» SUPPLIED ENTRIES
———
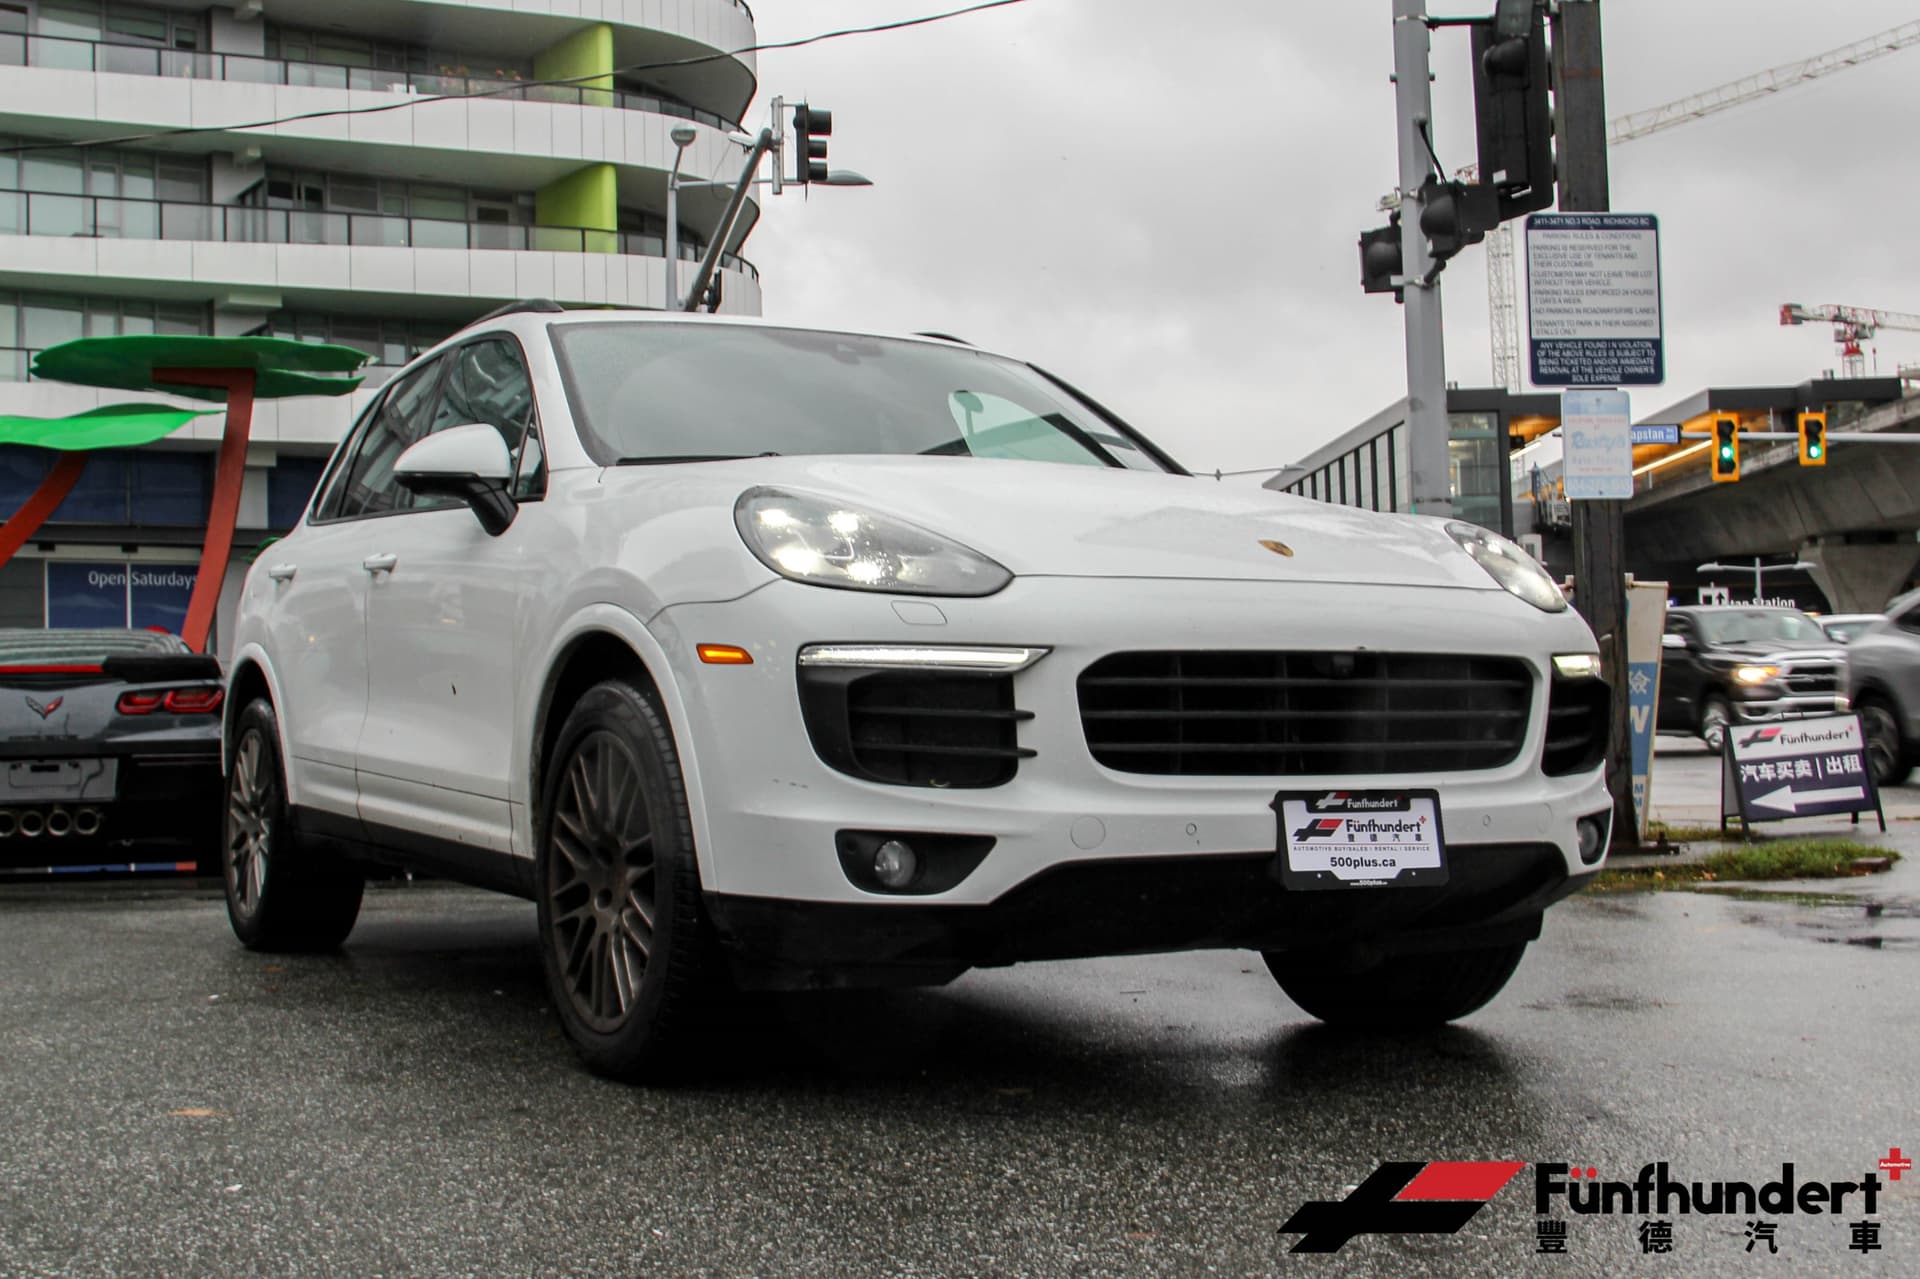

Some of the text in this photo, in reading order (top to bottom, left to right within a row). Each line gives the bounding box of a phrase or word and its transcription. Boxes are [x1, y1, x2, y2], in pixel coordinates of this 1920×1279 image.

[1603, 217, 1639, 225] RICHMOND
[1540, 341, 1554, 349] ANY
[1555, 341, 1582, 349] VEHICLE
[1584, 341, 1607, 349] FOUND
[1548, 349, 1560, 357] THE
[1562, 349, 1583, 357] ABOVE
[1585, 349, 1607, 357] RULES
[1616, 349, 1645, 357] SUBJECT
[1647, 349, 1656, 357] TO
[1538, 357, 1559, 365] BEING
[1561, 357, 1592, 365] TICKETED
[1540, 366, 1570, 374] REMOVAL
[1572, 366, 1579, 374] AT
[1581, 366, 1593, 374] THE
[1595, 366, 1622, 374] VEHICLE
[1572, 374, 1589, 382] SOLE
[1632, 428, 1664, 442] apstan
[88, 570, 126, 589] Open
[1741, 754, 1863, 783] 汽车买卖 出租
[1346, 819, 1421, 833] Fünfhundert
[1330, 857, 1396, 869] 500plus.ca
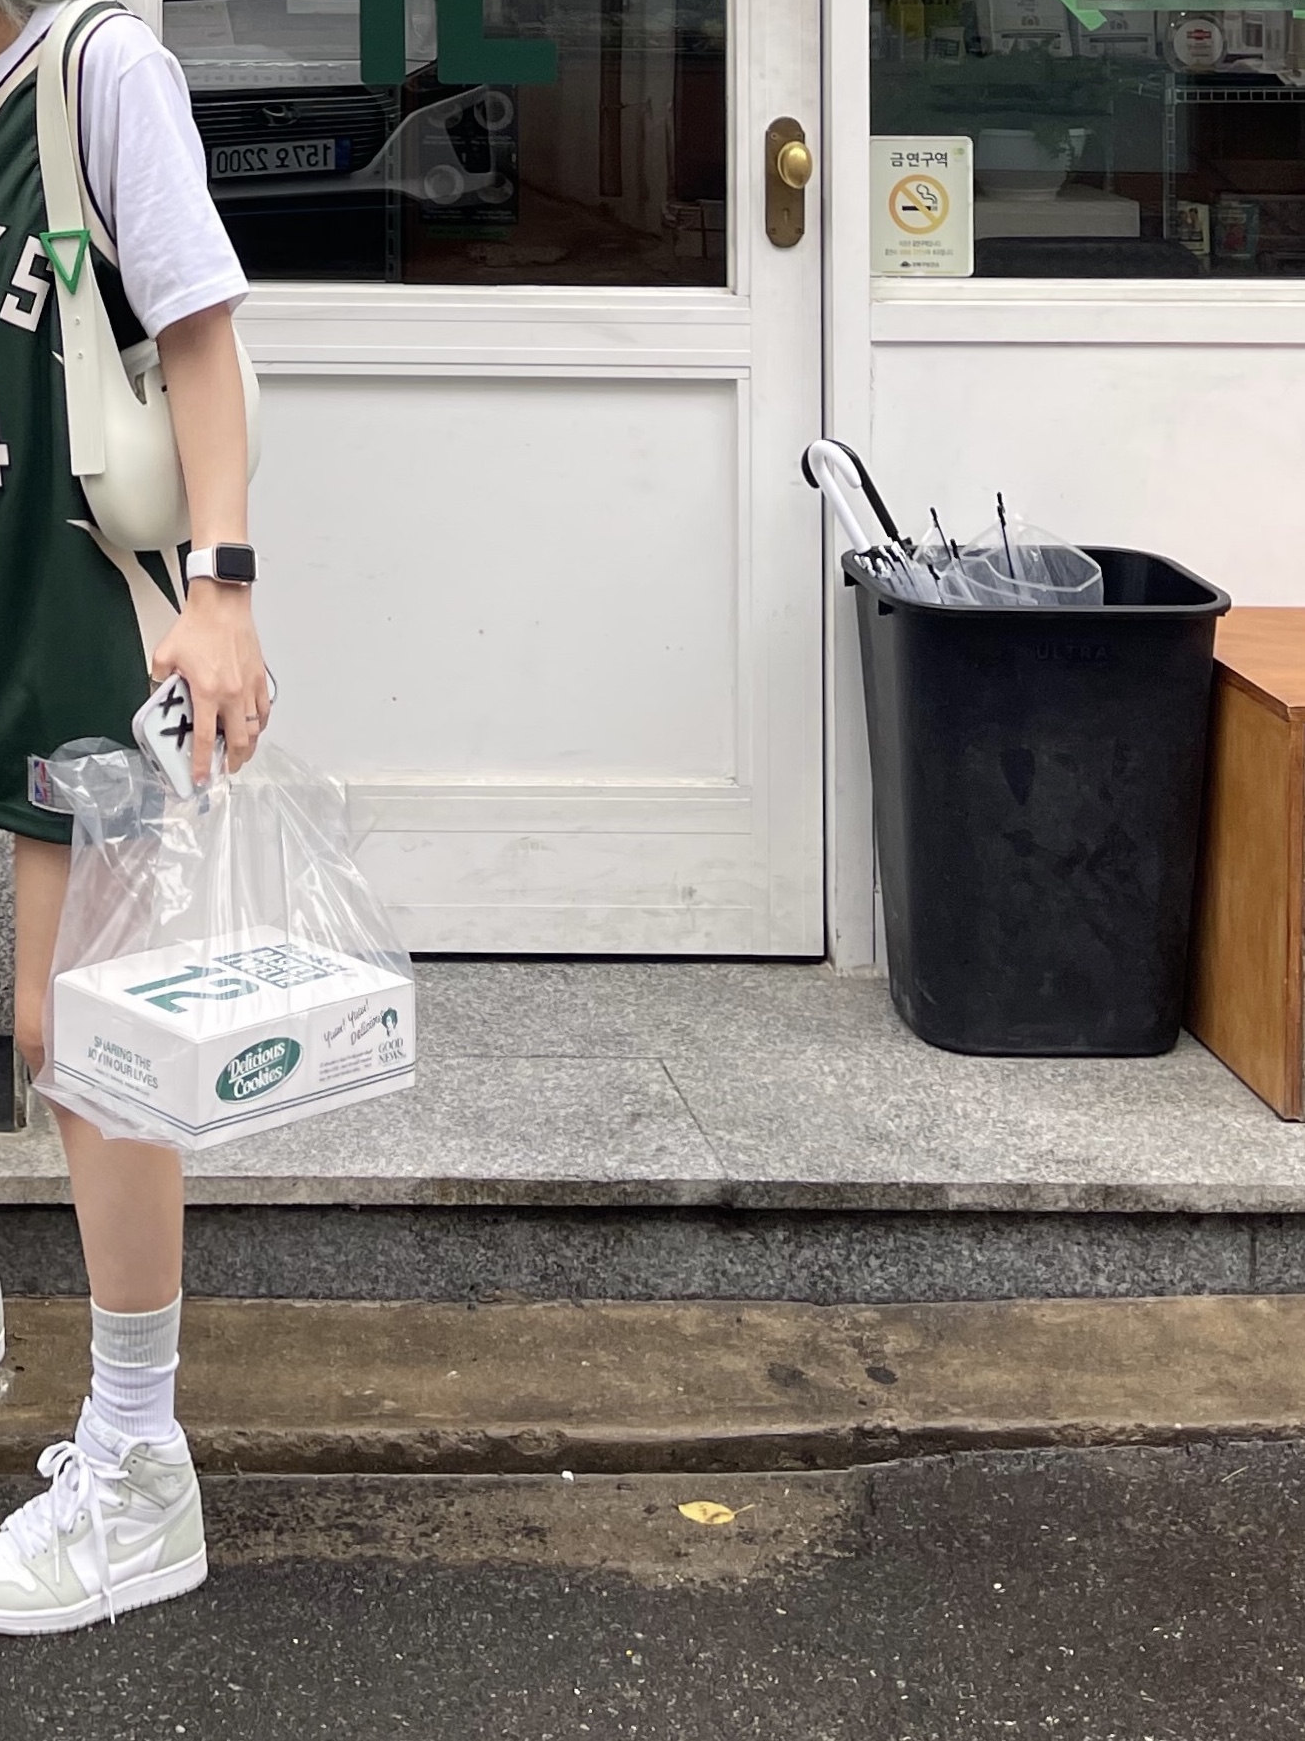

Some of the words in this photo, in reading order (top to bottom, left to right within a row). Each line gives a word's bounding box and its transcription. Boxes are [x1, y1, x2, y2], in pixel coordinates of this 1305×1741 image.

[890, 151, 948, 168] 금연구역
[123, 965, 259, 1014] 12
[94, 1036, 132, 1062] SHARING
[134, 1054, 151, 1070] THE
[227, 1042, 286, 1079] Delicious
[378, 1038, 403, 1053] GOOD
[114, 1060, 132, 1077] OUR
[134, 1069, 158, 1089] LIVES
[233, 1065, 283, 1098] Cookies
———
From the first line to the last, repeat the entries exactly and leave out the pictures.

» SOLVED PROBLEM
Some of the text in this photo, in reading order (top to bottom, left to right within a row). Each line gives the bounding box of a phrase or word and its transcription. Boxes are [x1, y1, x2, y2], in pixel coordinates of this 1920×1279 image.

[1603, 217, 1639, 225] RICHMOND
[1540, 341, 1554, 349] ANY
[1555, 341, 1582, 349] VEHICLE
[1584, 341, 1607, 349] FOUND
[1548, 349, 1560, 357] THE
[1562, 349, 1583, 357] ABOVE
[1585, 349, 1607, 357] RULES
[1616, 349, 1645, 357] SUBJECT
[1647, 349, 1656, 357] TO
[1538, 357, 1559, 365] BEING
[1561, 357, 1592, 365] TICKETED
[1540, 366, 1570, 374] REMOVAL
[1572, 366, 1579, 374] AT
[1581, 366, 1593, 374] THE
[1595, 366, 1622, 374] VEHICLE
[1572, 374, 1589, 382] SOLE
[1632, 428, 1664, 442] apstan
[88, 570, 126, 589] Open
[1741, 754, 1863, 783] 汽车买卖 出租
[1346, 819, 1421, 833] Fünfhundert
[1330, 857, 1396, 869] 500plus.ca

Some of the words in this photo, in reading order (top to bottom, left to right within a row). Each line gives a word's bounding box and its transcription. Boxes are [x1, y1, x2, y2], in pixel coordinates of this 1305×1741 image.

[890, 151, 948, 168] 금연구역
[123, 965, 259, 1014] 12
[94, 1036, 132, 1062] SHARING
[134, 1054, 151, 1070] THE
[227, 1042, 286, 1079] Delicious
[378, 1038, 403, 1053] GOOD
[114, 1060, 132, 1077] OUR
[134, 1069, 158, 1089] LIVES
[233, 1065, 283, 1098] Cookies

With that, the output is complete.